**Exercise**
Could you return all of the records exactly, minus their images?

**Data**
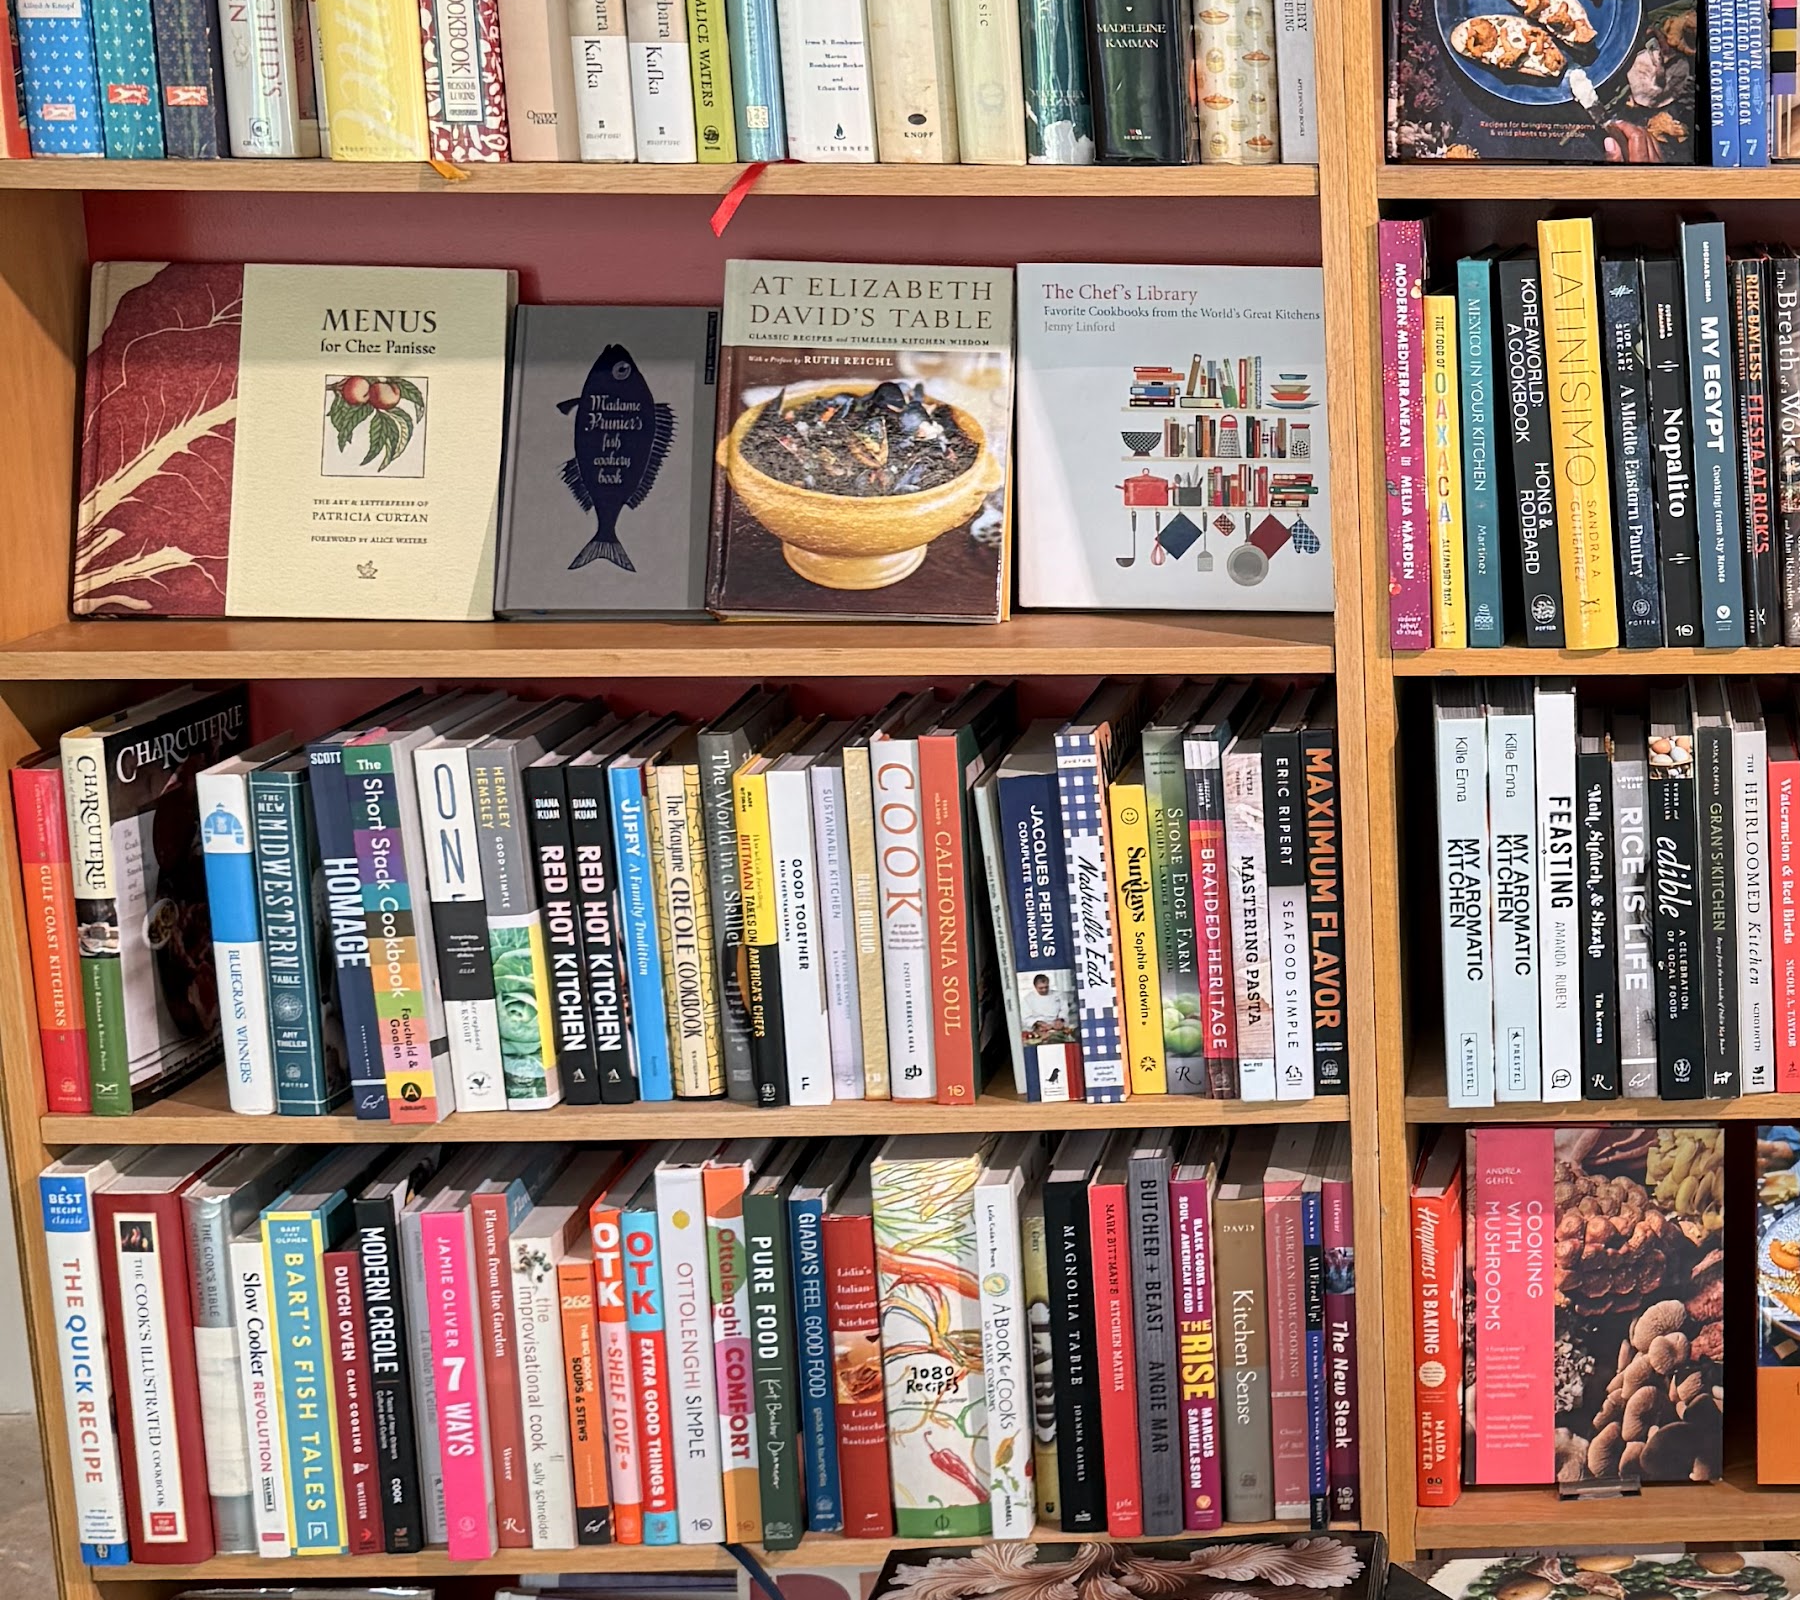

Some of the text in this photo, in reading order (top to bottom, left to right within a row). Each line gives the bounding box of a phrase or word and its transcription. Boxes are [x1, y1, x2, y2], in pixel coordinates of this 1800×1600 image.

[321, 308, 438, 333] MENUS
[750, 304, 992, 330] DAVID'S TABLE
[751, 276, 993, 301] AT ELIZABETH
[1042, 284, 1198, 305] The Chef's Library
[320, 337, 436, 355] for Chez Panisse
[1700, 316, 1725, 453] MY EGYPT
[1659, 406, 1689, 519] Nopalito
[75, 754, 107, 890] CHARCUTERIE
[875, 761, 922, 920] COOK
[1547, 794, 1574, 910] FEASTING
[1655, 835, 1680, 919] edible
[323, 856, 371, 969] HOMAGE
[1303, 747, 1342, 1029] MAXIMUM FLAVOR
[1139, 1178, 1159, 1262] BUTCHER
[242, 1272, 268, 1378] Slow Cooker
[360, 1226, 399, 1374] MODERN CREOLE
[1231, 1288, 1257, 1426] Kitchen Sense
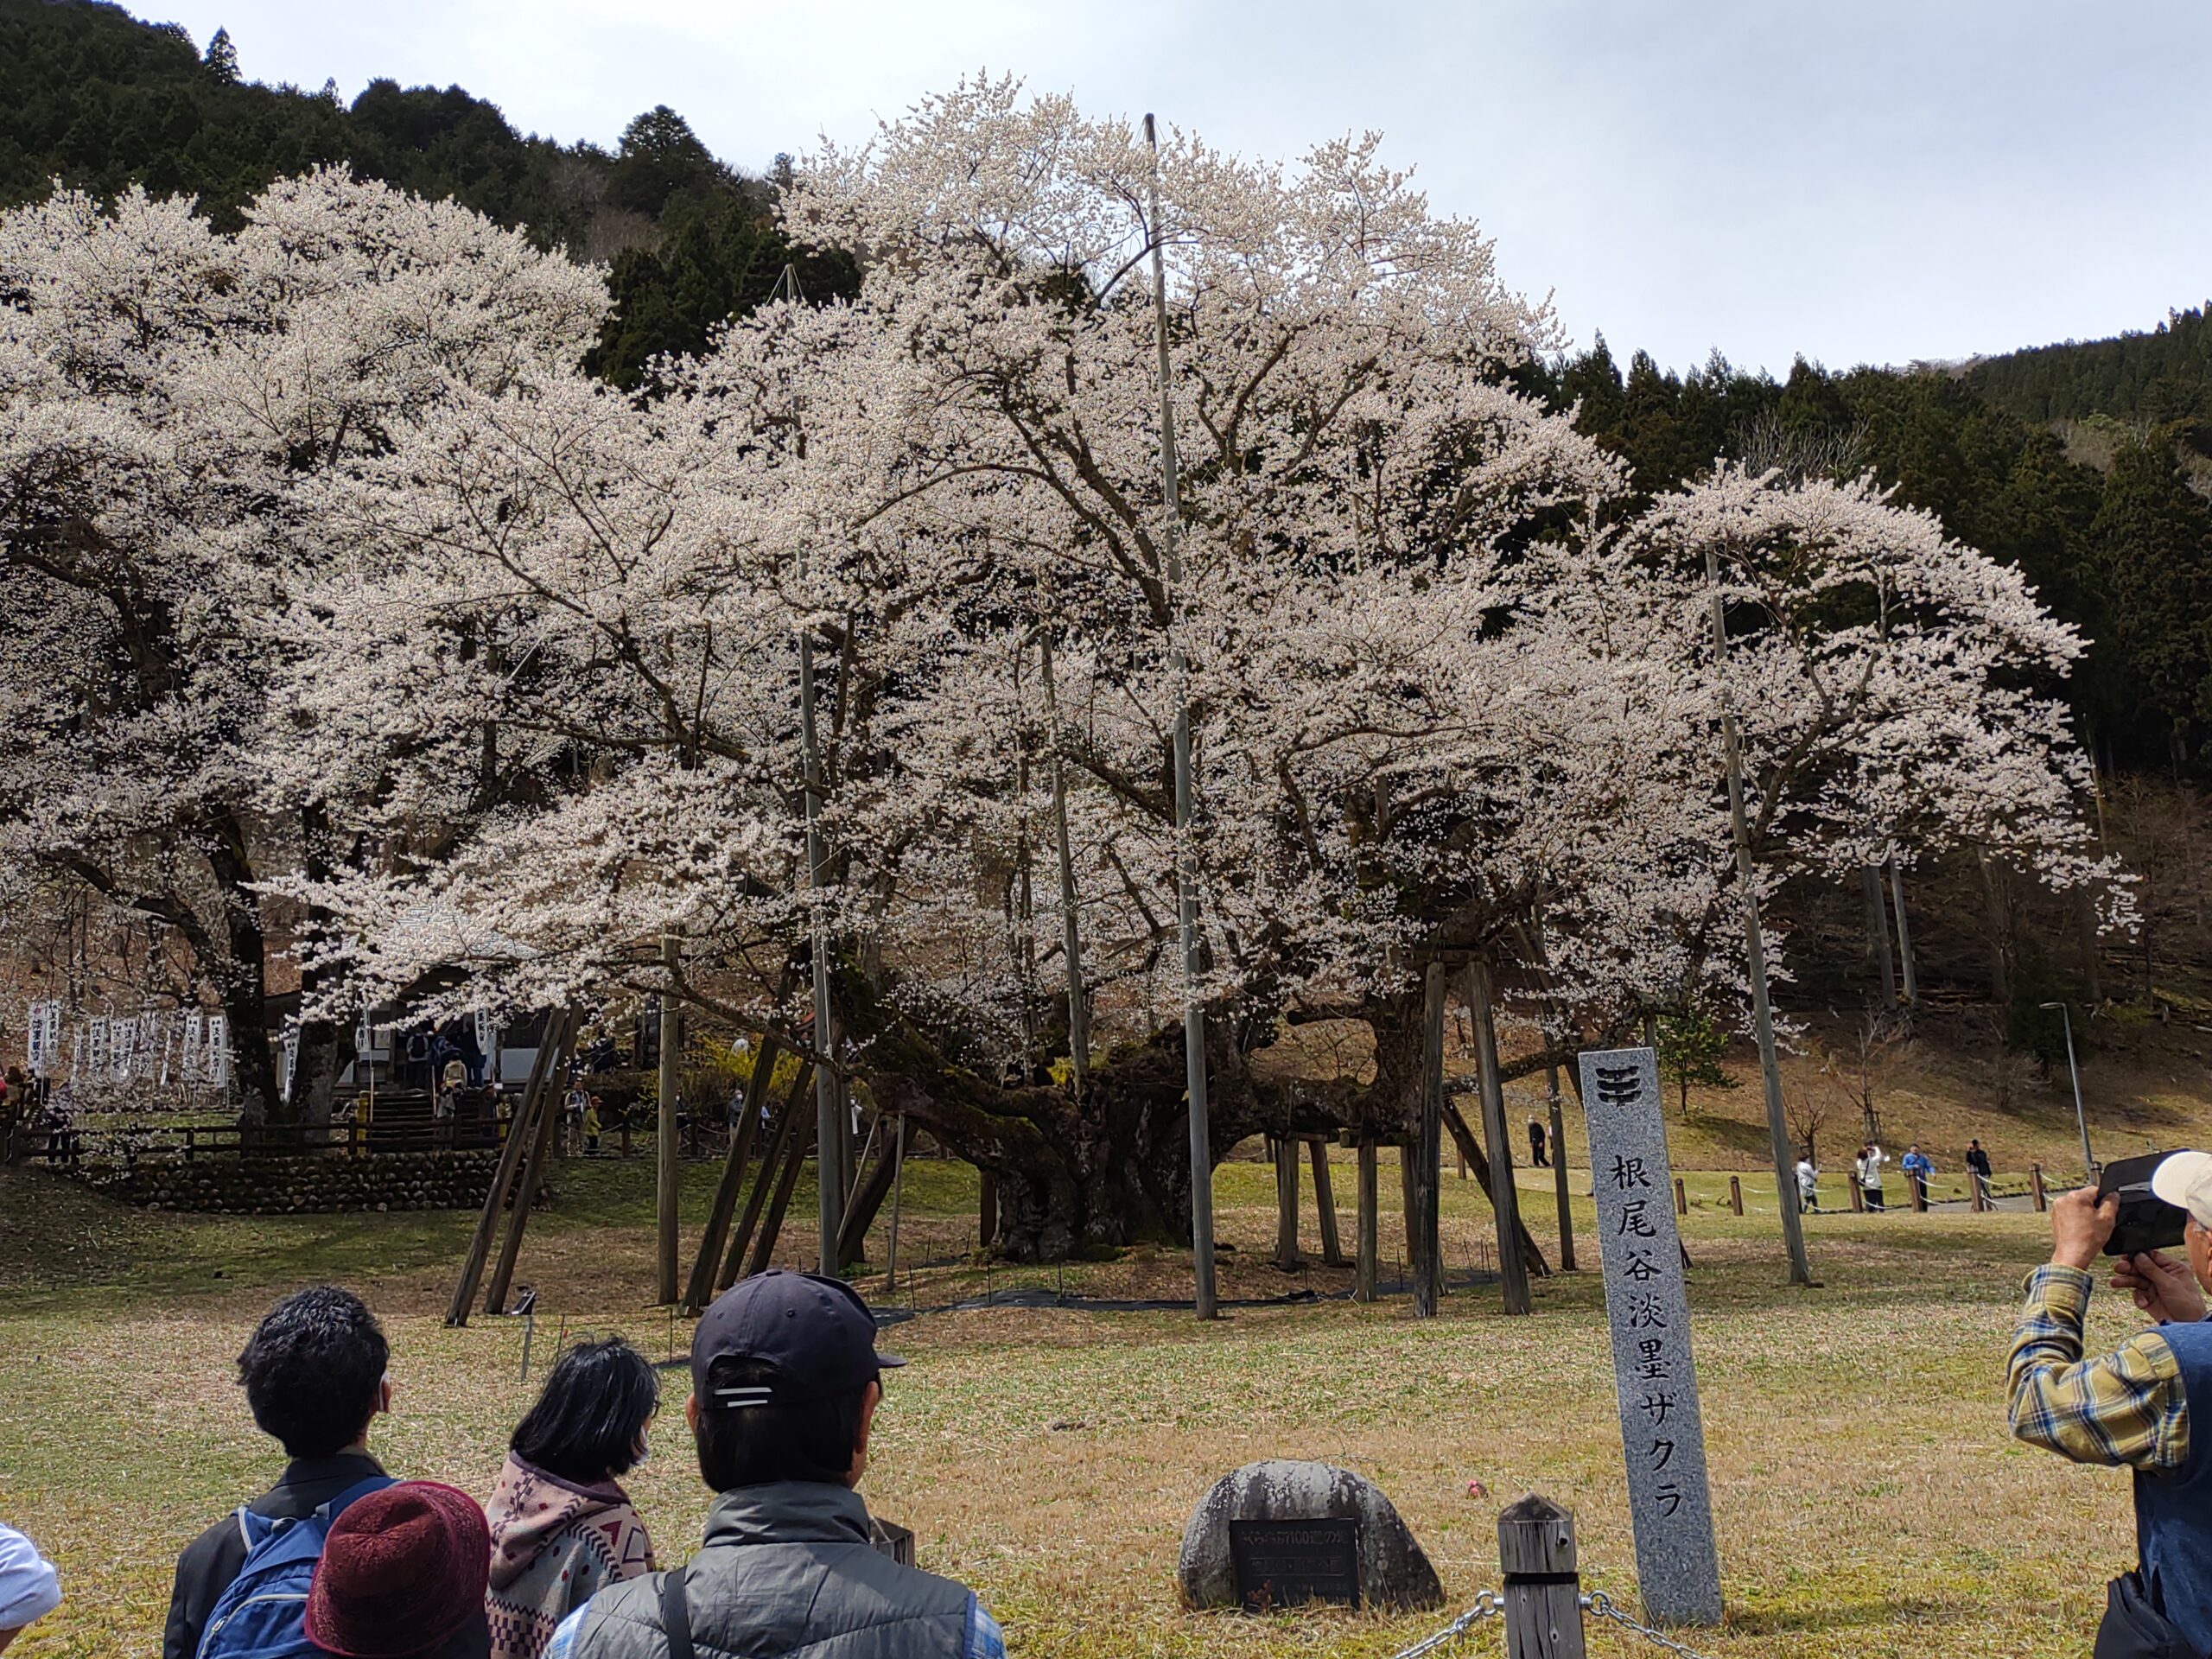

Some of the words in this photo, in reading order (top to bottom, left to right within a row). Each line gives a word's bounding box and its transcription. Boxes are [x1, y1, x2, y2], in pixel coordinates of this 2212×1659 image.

**Exercise result**
Some of the text in this photo, in reading order (top to bottom, left to right within a row). Each line gives the bounding box of a phrase or word and its transcription. Boxes are [x1, y1, x2, y2], in pixel coordinates of this 1800×1600 image.

[321, 308, 438, 333] MENUS
[750, 304, 992, 330] DAVID'S TABLE
[751, 276, 993, 301] AT ELIZABETH
[1042, 284, 1198, 305] The Chef's Library
[320, 337, 436, 355] for Chez Panisse
[1700, 316, 1725, 453] MY EGYPT
[1659, 406, 1689, 519] Nopalito
[75, 754, 107, 890] CHARCUTERIE
[875, 761, 922, 920] COOK
[1547, 794, 1574, 910] FEASTING
[1655, 835, 1680, 919] edible
[323, 856, 371, 969] HOMAGE
[1303, 747, 1342, 1029] MAXIMUM FLAVOR
[1139, 1178, 1159, 1262] BUTCHER
[242, 1272, 268, 1378] Slow Cooker
[360, 1226, 399, 1374] MODERN CREOLE
[1231, 1288, 1257, 1426] Kitchen Sense

Some of the words in this photo, in reading order (top to bottom, left to right within a row). Each line gives a word's bounding box and its transcription. Boxes are [x1, y1, x2, y2], in pixel coordinates of this 2212×1659 image.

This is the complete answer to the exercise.